Saturday, June 20, 2020

Finding the not

Our world is often organized around what something is. There are classifications, tags, descriptions, attributes, assumptions, and many other things that get attached to stuff. In doing database work one wants to make sure all those things are properly captured, which is harder than you'd think, and they are treated properly when migrated from database to database.

And yet, sometimes what something is not, is important. For a trivial example, in Sudoku sometimes understanding that a square cannot be a particular number is the key to solving the puzzle. In the example I'm looking at this moment, I have a folder of 310 photographs taken in the last 3 months that have not been blogged. All the New Zealand photos have dropped out of this folder now. (How can it be 3 months since we came home?)

My question, for pre-blogging thought purposes was, which of those photos IS NOT of Michelle, and IS NOT a flower, and IS NOT construction, and IS NOT the cats, and IS NOT dead wood. (The ands are important in that statement.) Whatever that was, I was going to blog about it. Except to know that I have to look at all the photos, and make a note of the file numbers. Not efficient. One of the things I didn't do in Lightroom was to create a keyword for blogged.

Some of you know where I'm going here. Writing a SQL statement to look for things whose attributes contain certain things is usually straightforward. Looking for a single not is easy. Looking for several needs to be carefully done, especially if there are joins.

Lightroom is a database, but I can't write SQL against it. Maybe there are whizzes that can, but I'm not one of them. You can look for things in Lightroom, but I'm pretty sure you can't look for more than one 'doesn't contain'. So even if I had tagged things in Lightroom as blogged, that thought wouldn't be any easier, because then I'd have to add in some additional Lightroom stuff, like has at least 3 stars.

So this blogging thing is more complicated than you thought. I just looked, there are some purely documentary shots I wouldn't normally put in the blog. Some of Linda. Some clouds. Which doesn't get me really any further ahead in deciding what to blog.

But then I started thinking about success in life. Most people define success as what they have. A trophy wife, a McMansion, a fancy car, all the toys, whatever. But what if that's all wrong? What if the standards for success are  about avoiding the not?

Not getting any number of diseases that will kill you horribly. Not getting killed by a drunk driver. Not getting shot by an out of control police officer. Not getting sent off to kill people in another country who have never offended you and probably nobody else either, or having a war come to where you live. Not starving to death in a famine. Not getting killed or maimed by an industrial "accident" in the workplace because there are safety standards.

Until quite recently, all of those were real things. The odds of them happening to you personally depended really strongly on luck, or if you were buddies with the local powers that be, or if your skin was the right colour, or you were born in the right place, or born to the right parents.

Most people in North America and Europe have won the life jackpot and live a life that is unimaginable to nearly everybody that has ever lived. Yet it isn't enough. Most want more. Most are not willing to let a small slice of that good fortune go past them to benefit someone who has less. Some even actively work to prevent that good fortune and what we now know, from going to other people. Looking at you, anti-vaxxers!

So take a look at the standards you are judging yourself and others by. Look at how good you really have it. Relax and enjoy life. As far as we know, we only get one pass at this, and then poof, it's gone, all of our memories popping like a soap bubble.

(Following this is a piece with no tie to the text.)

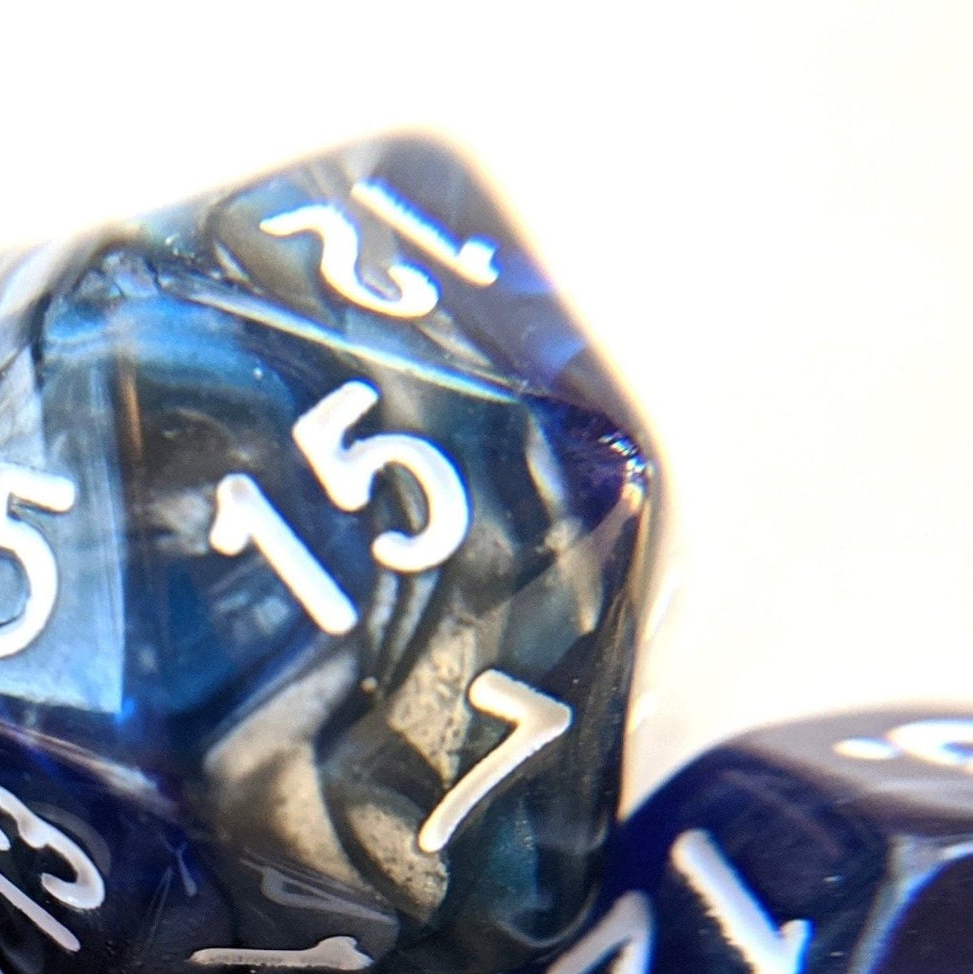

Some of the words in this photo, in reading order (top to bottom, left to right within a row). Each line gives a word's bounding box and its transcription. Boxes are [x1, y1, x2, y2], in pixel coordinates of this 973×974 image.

[261, 179, 501, 317] 12
[208, 383, 468, 635] 15
[418, 668, 572, 853] 7

To lead off, you get Linda and Celina.


One of the oldest photos in the 3 month folder. The photo project table before a tidy process happened. Before Estela was sold. You can see the Mac cube and monitor in the background. It was there to play DVDs while doing spin workouts. That isn't happening anymore, and I can no longer think of a use for that computer.

Once upon a time it was one of the fastest consumer computers available. Now, one of my SD cards has more memory. I suspect the iPhone has more raw computing power. It still works. But there it sits, gathering dust, and I want to repurpose the IKEA thingie it's sitting on. Anyone want it? Any ideas of something useful to do with it?



I mentioned clouds. Here's a couple of them, trying for dramatic.



Coming home from a road trip yesterday.

Of the Day
Michelle
Trying for the superhero swirly coat look, while the wind is dead calm.


Curtis


Flower
From June 19. The white peony is almost ready to start blooming. There are more than 3 dozen bloom buds, whatever the technical word is, ready to give us weeks of beauty. I've got some ideas of shots to try. Let me know if you'd like to visit and try your own shot ideas. It could just be that fresh ground coffee might be happening if you arrive at the right time.


Driftwood


1 comment:

  1. Great shot of Curtis and I love that super dramatic cloud!